What is being asked: Would you reproduce the whole listing exactly, minus its images?

Provided records:

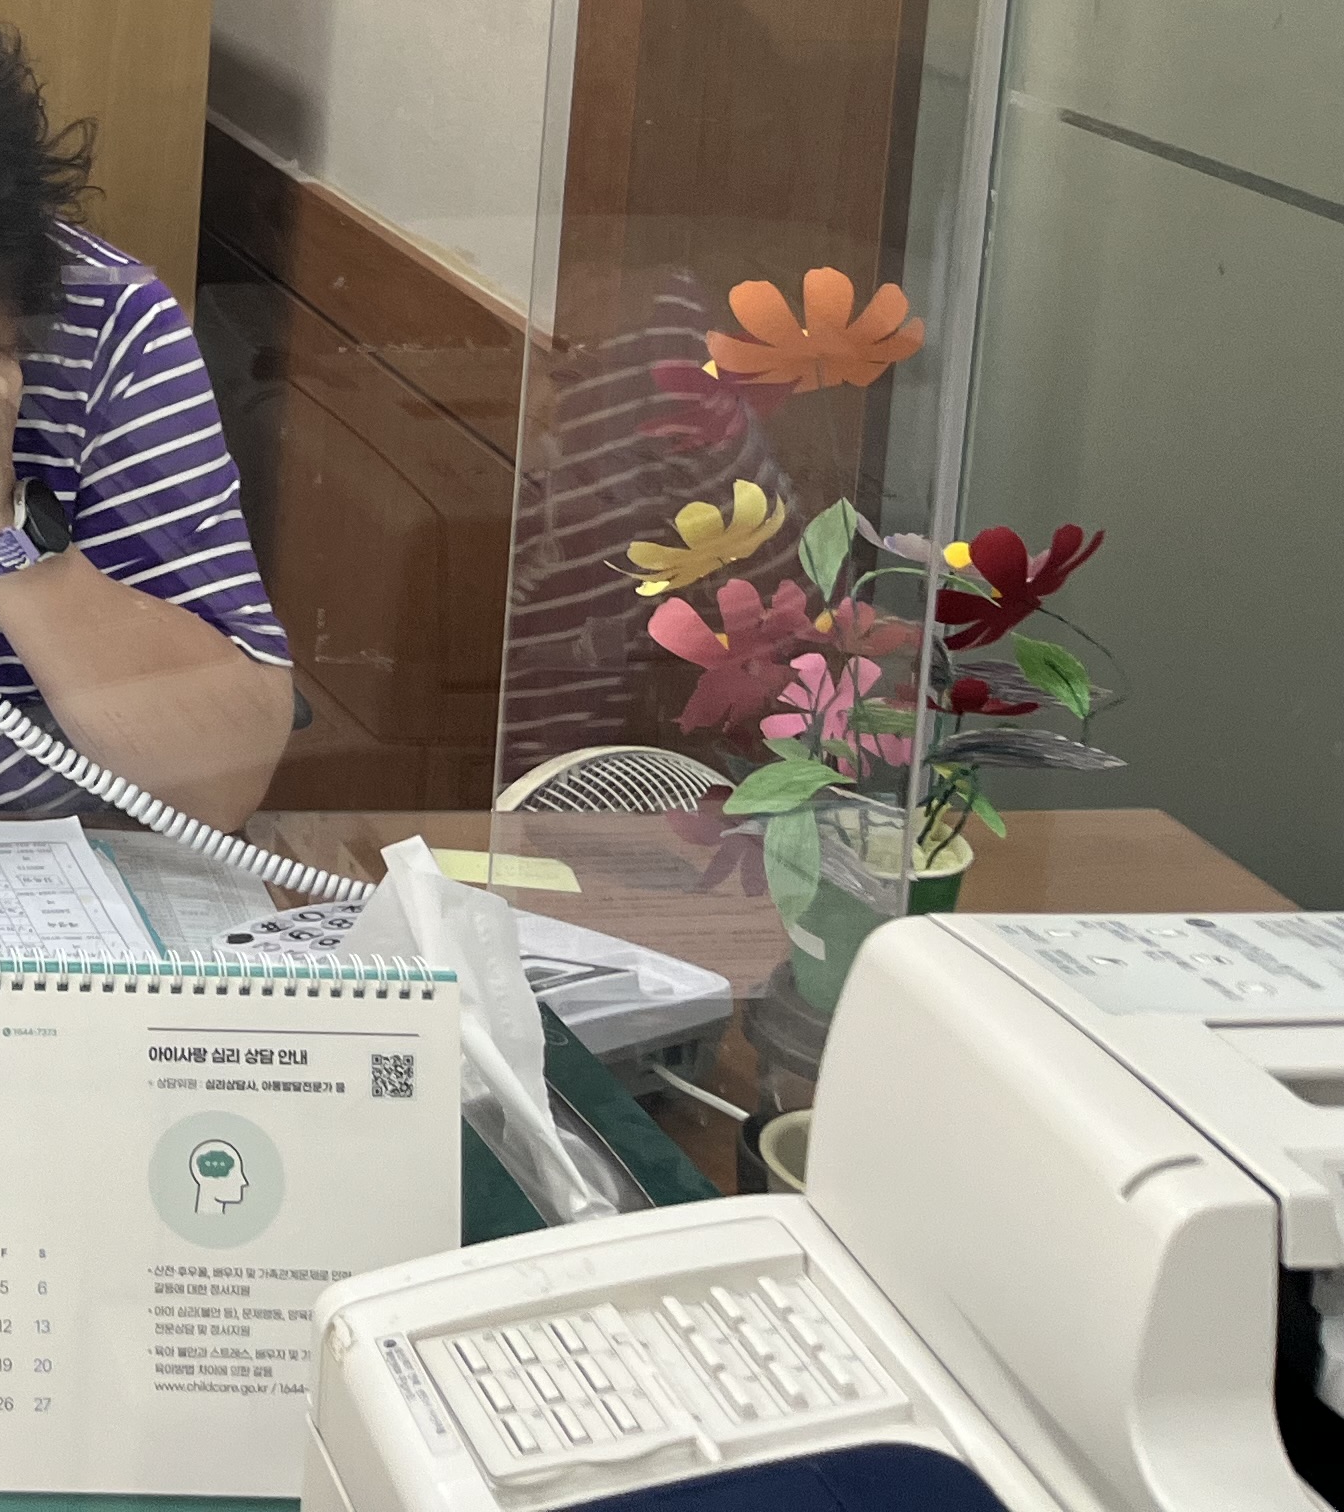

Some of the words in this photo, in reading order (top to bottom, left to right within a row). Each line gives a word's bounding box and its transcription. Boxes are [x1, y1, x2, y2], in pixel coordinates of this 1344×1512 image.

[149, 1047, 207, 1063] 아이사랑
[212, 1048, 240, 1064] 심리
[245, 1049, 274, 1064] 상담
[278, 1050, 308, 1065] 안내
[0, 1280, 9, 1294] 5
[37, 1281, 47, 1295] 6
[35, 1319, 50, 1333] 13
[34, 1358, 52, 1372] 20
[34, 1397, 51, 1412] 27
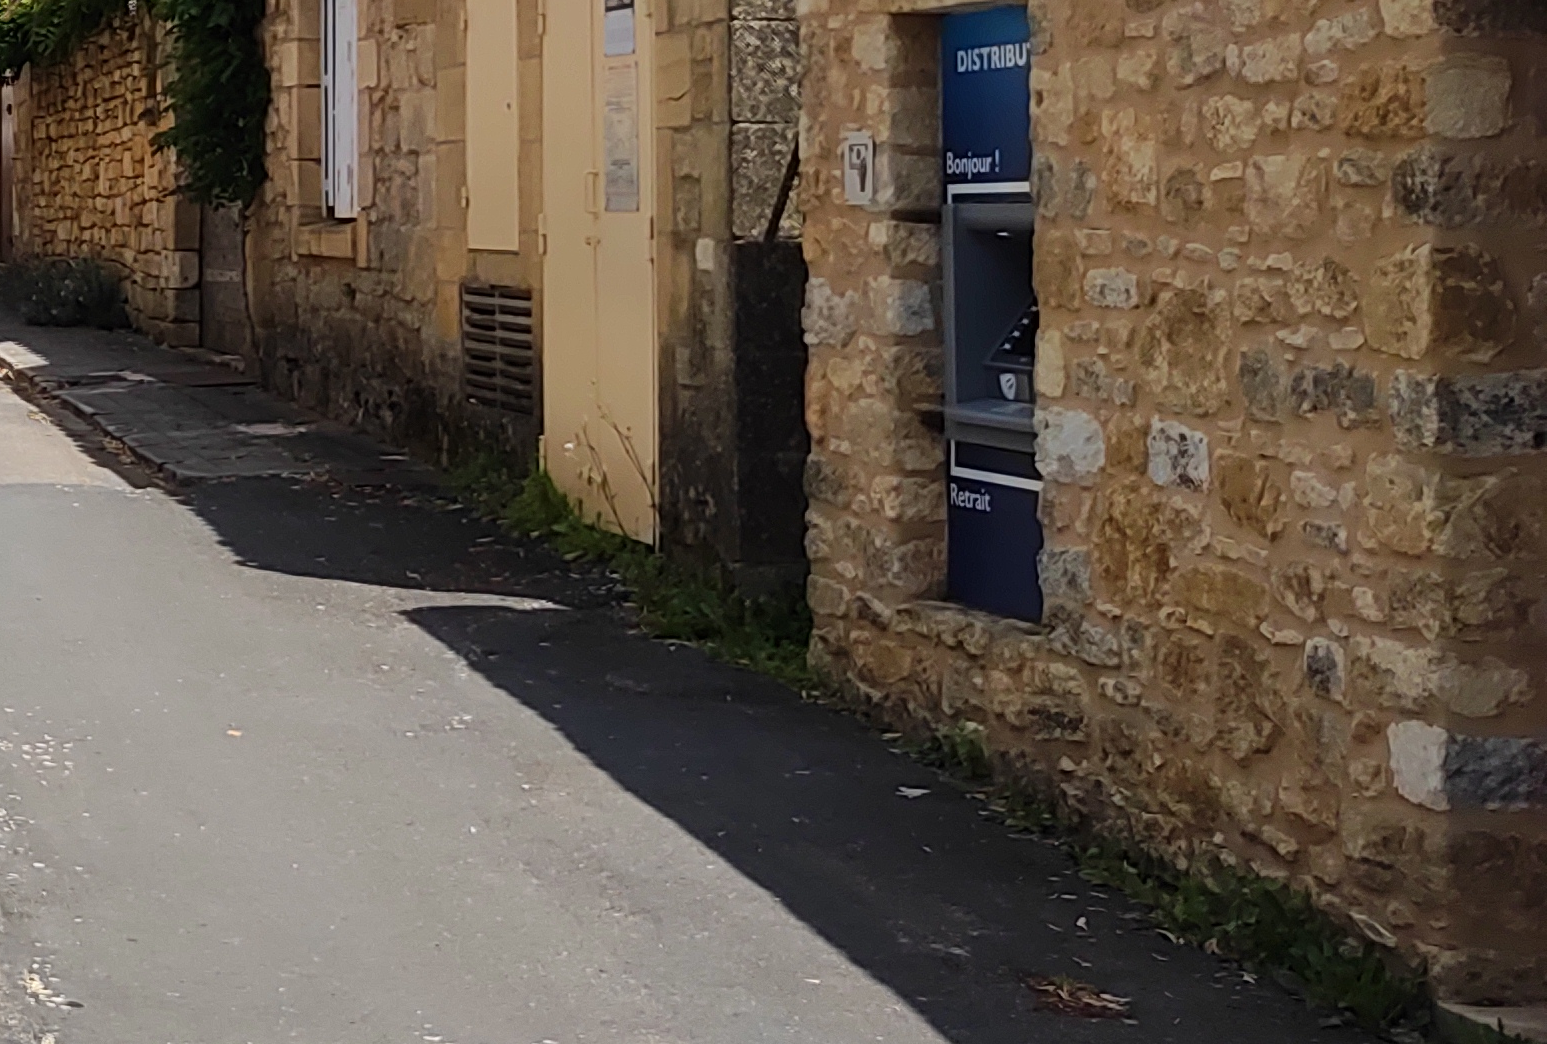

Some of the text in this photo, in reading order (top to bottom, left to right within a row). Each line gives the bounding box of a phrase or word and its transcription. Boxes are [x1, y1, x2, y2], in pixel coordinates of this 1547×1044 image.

Expected output:
Some of the words in this photo, in reading order (top to bottom, left to right within a row). Each line gives a word's bounding box and its transcription. Boxes are [x1, y1, x2, y2], in pixel coordinates of this 1344×1512 image.

[149, 1047, 207, 1063] 아이사랑
[212, 1048, 240, 1064] 심리
[245, 1049, 274, 1064] 상담
[278, 1050, 308, 1065] 안내
[0, 1280, 9, 1294] 5
[37, 1281, 47, 1295] 6
[35, 1319, 50, 1333] 13
[34, 1358, 52, 1372] 20
[34, 1397, 51, 1412] 27

Some of the text in this photo, in reading order (top to bottom, left to right within a row). Each line gives the bounding box of a phrase or word and its transcription. Boxes are [x1, y1, x2, y2], in pixel coordinates of this 1547×1044 image.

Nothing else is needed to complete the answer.